Hace un mes el neurólogo anunció en su columna del New York Tiemes que tenía un cáncer terminal en el hígado. Como era de esperarse, Oliver Sacks confrontó su padecimiento con valor: “debo decidir cómo vivir los meses que me quedan. Tengo que vivirlos de la manera más rica, intensa y productiva que pueda.” Su actitud no tiene nada que ver con la resignación sino con todo aquello que sus pacientes, sus escritores favoritos y sus lectores le enseñaron sobre la vida.

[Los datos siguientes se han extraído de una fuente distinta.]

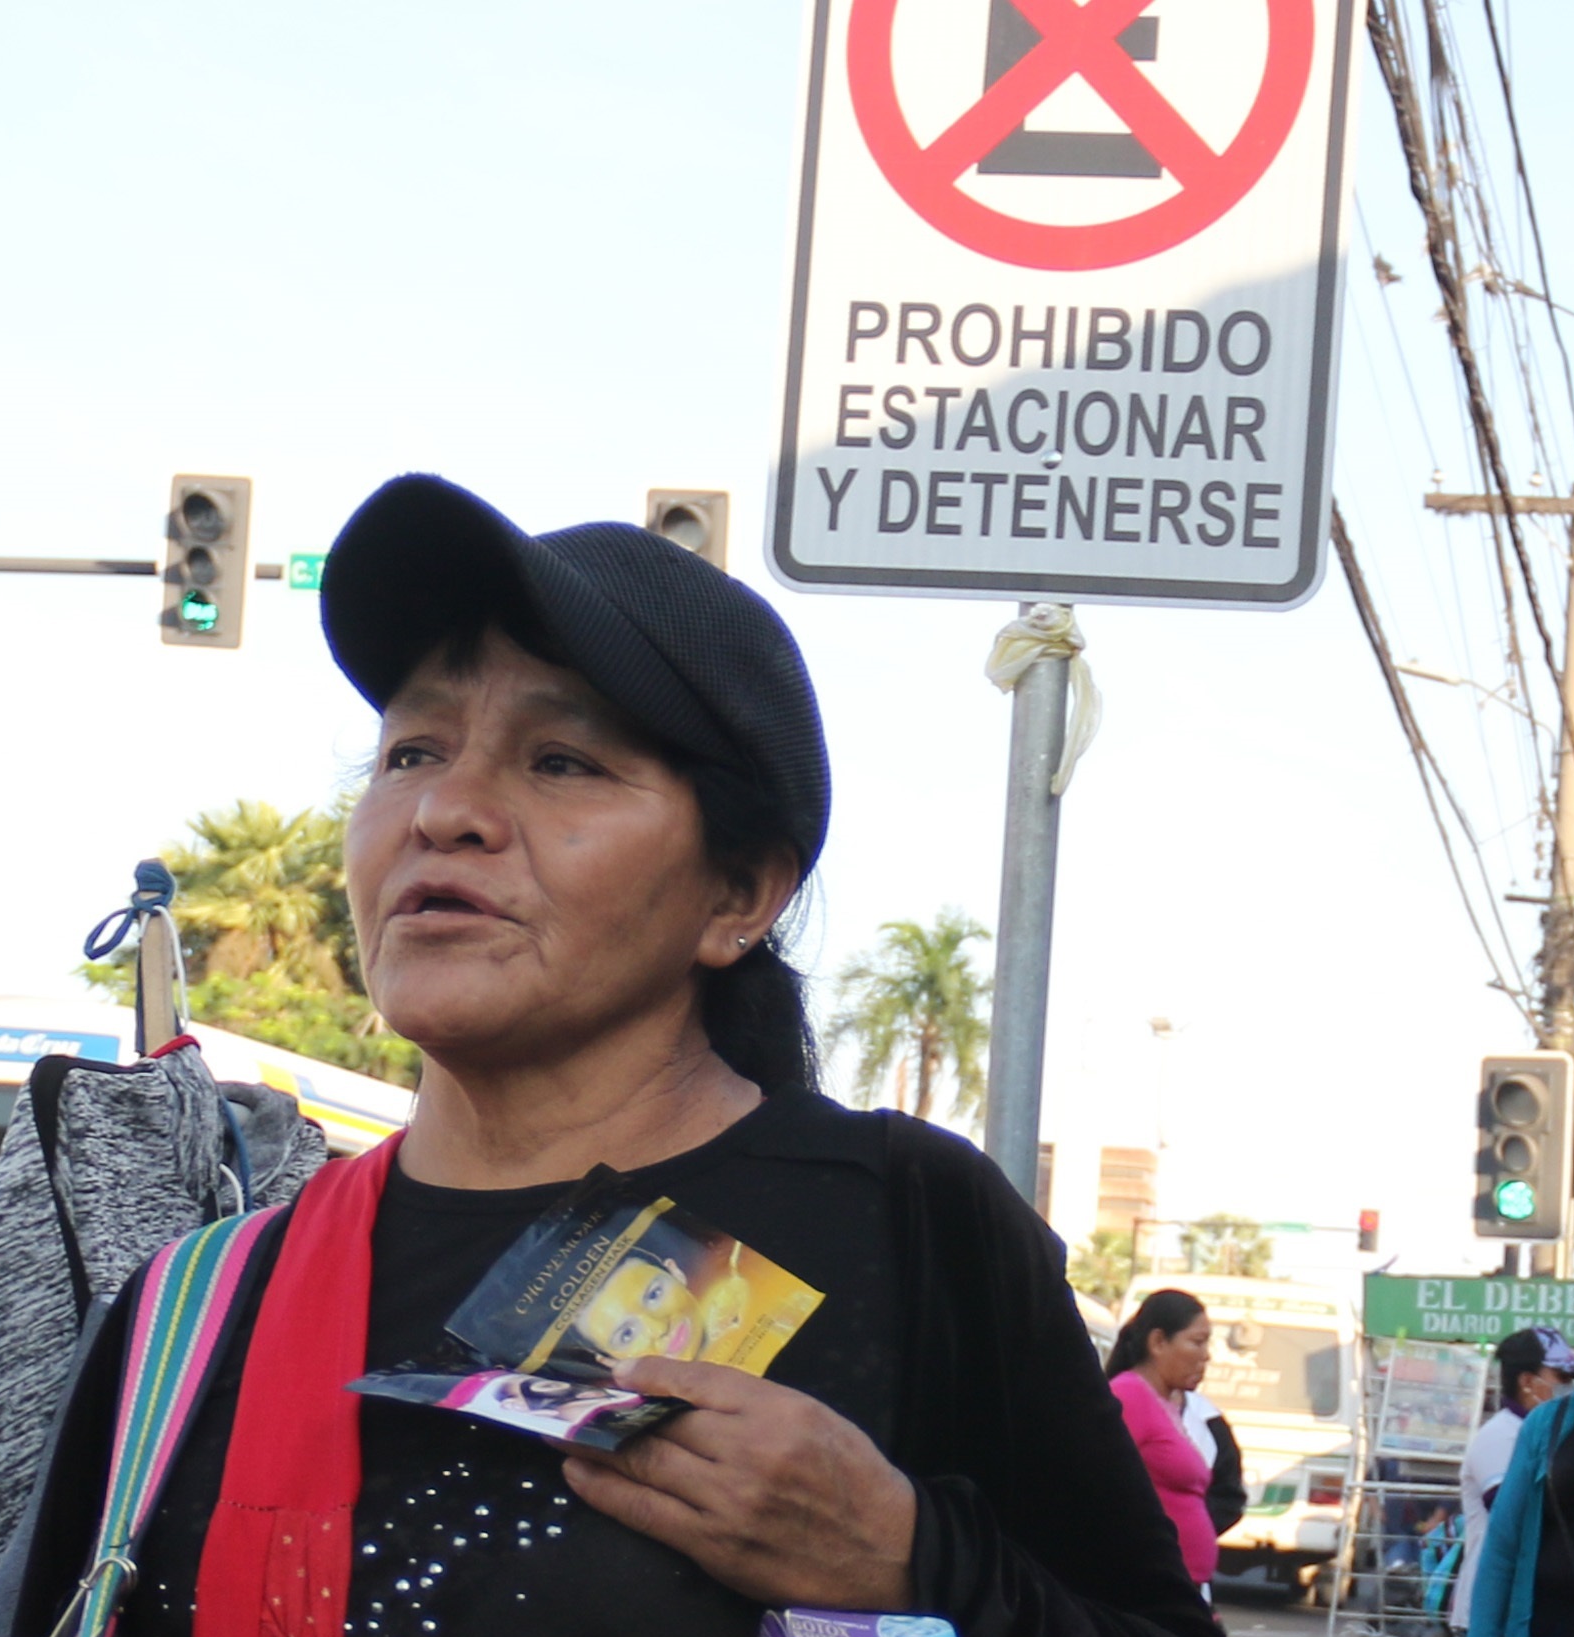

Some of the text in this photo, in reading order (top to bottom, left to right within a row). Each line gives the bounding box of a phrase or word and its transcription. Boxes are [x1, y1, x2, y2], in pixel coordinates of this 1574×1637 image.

Si hubiera que sintetizar el periplo de Sacks desde su primer libro, Migraña (1970) hasta el último, Alucinaciones (2012), sería la constatación de que nada de lo que nos llega a través de los sentidos está dado para siempre. La vista y el olfato pueden ser tan subjetivos como nuestros gozos. La frontera entre el sueño y la vigilia es sólo una construcción cultural, delicada hasta el punto en que la perturbación en un área del cerebro del tamaño de un grano podría alterar para siempre nuestro comercio con la realidad.

Alterar es la palabra. Dañar o enfermar son vocablos que Oliver Sacks ha usado con prudencia, siempre con un sentido más positivo que el que se les asigna en los diagnóstcos tradicionales.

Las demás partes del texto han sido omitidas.